> [Work order]
Transcribe each of the records below exactly, excluding all pictures.
:: Given information ::
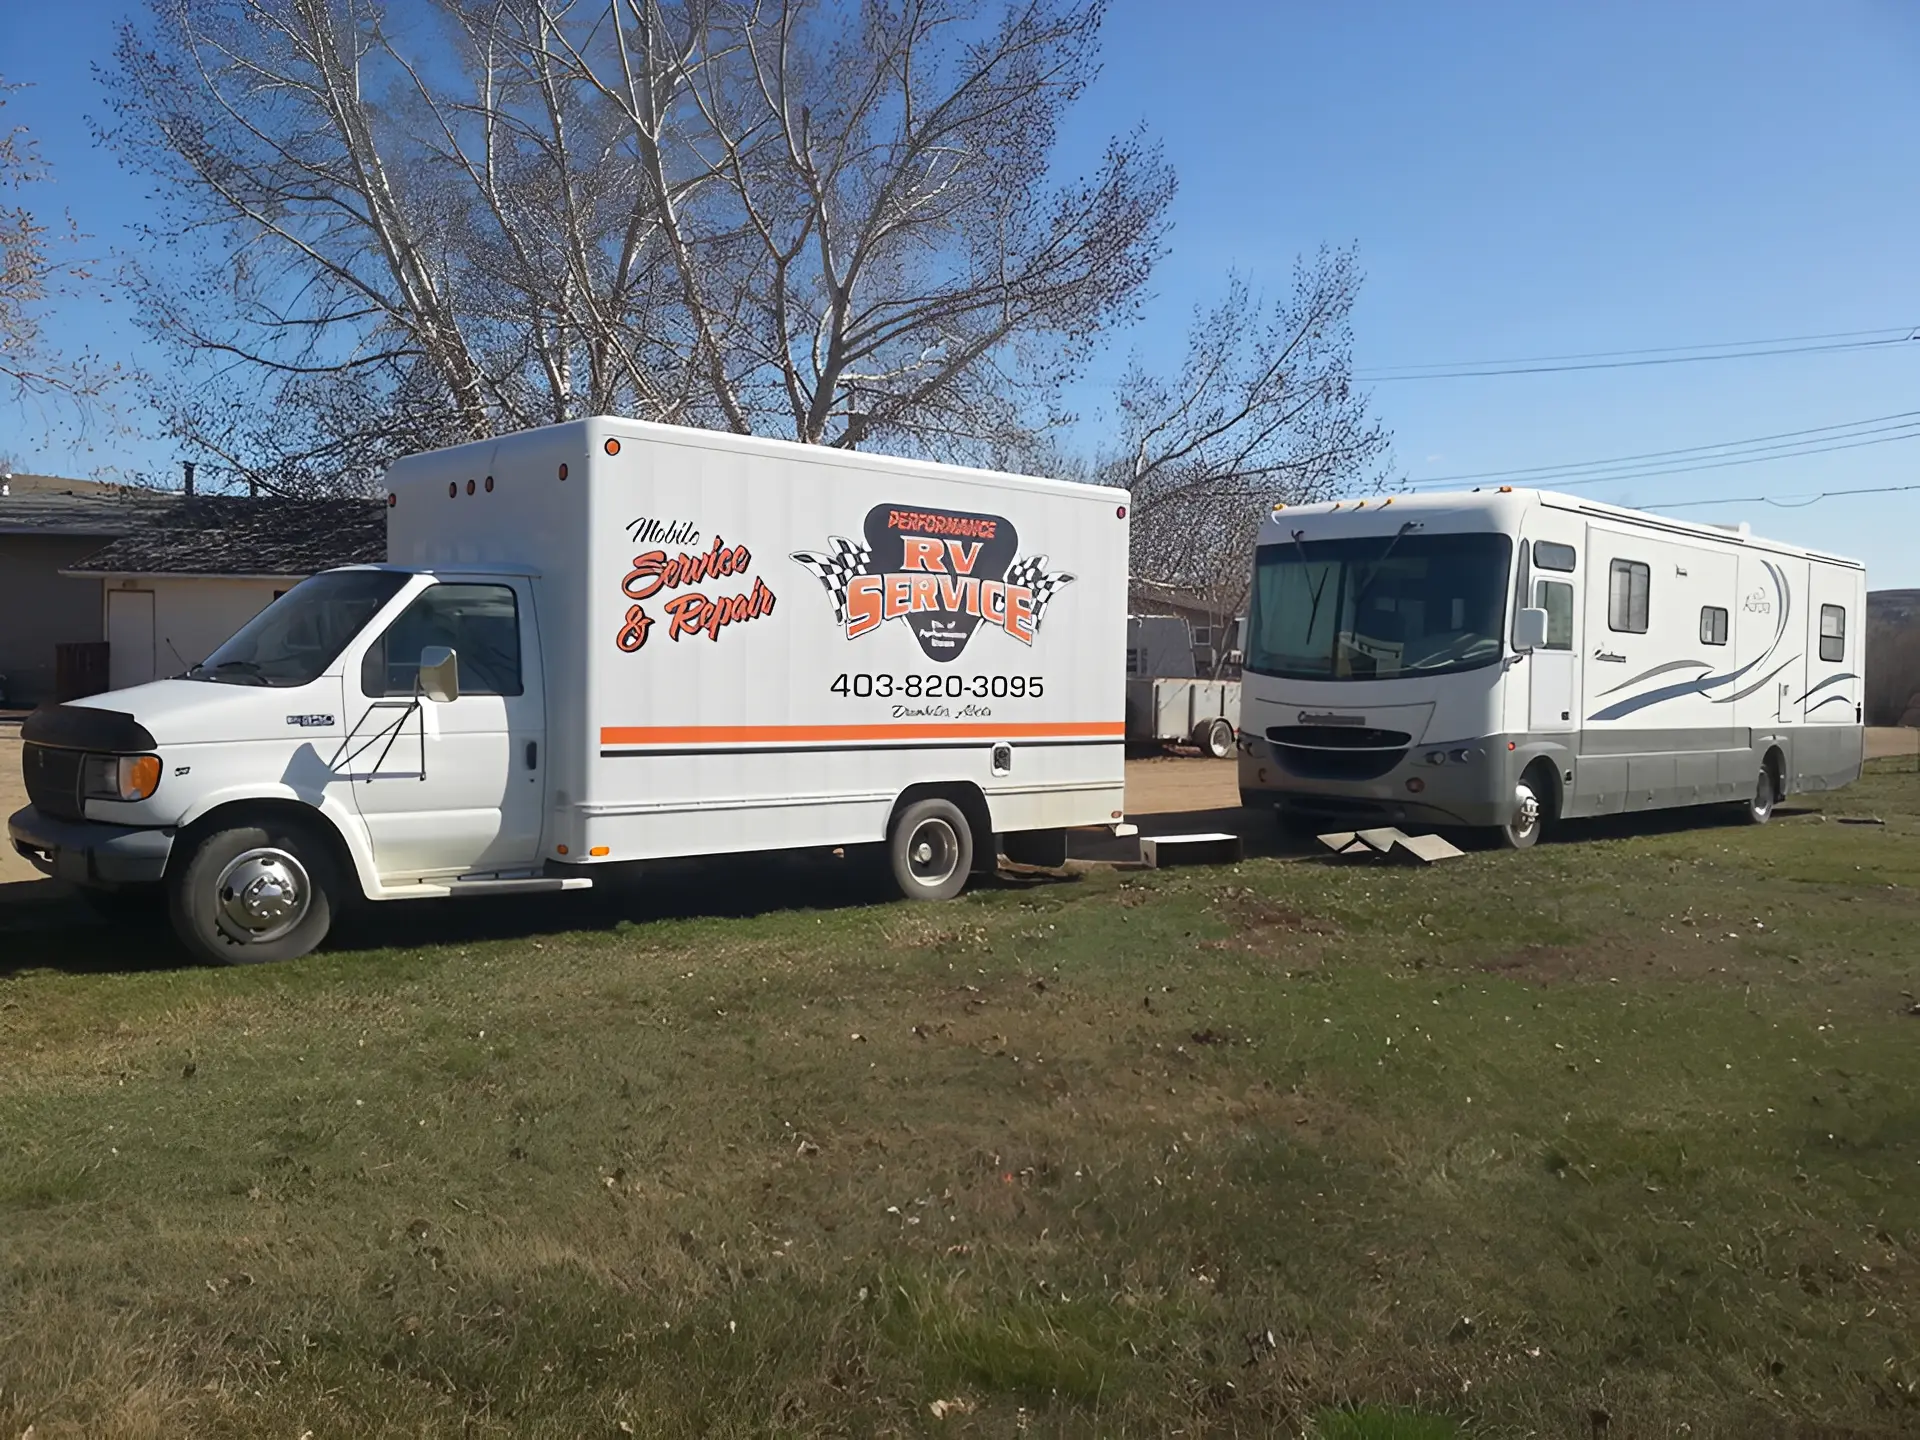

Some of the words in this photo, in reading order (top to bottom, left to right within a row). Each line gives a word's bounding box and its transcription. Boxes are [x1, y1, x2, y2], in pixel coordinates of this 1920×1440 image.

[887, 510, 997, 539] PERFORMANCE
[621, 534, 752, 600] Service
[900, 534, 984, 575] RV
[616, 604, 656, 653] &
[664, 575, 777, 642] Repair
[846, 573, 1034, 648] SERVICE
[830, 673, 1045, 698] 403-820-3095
:::
> [Output of the exercise]
Some of the words in this photo, in reading order (top to bottom, left to right within a row). Each line gives a word's bounding box and its transcription. Boxes are [x1, y1, x2, y2], in pixel coordinates of this 1920×1440 image.

[887, 510, 997, 539] PERFORMANCE
[621, 534, 752, 600] Service
[900, 534, 984, 575] RV
[616, 604, 656, 653] &
[664, 575, 777, 642] Repair
[846, 573, 1034, 648] SERVICE
[830, 673, 1045, 698] 403-820-3095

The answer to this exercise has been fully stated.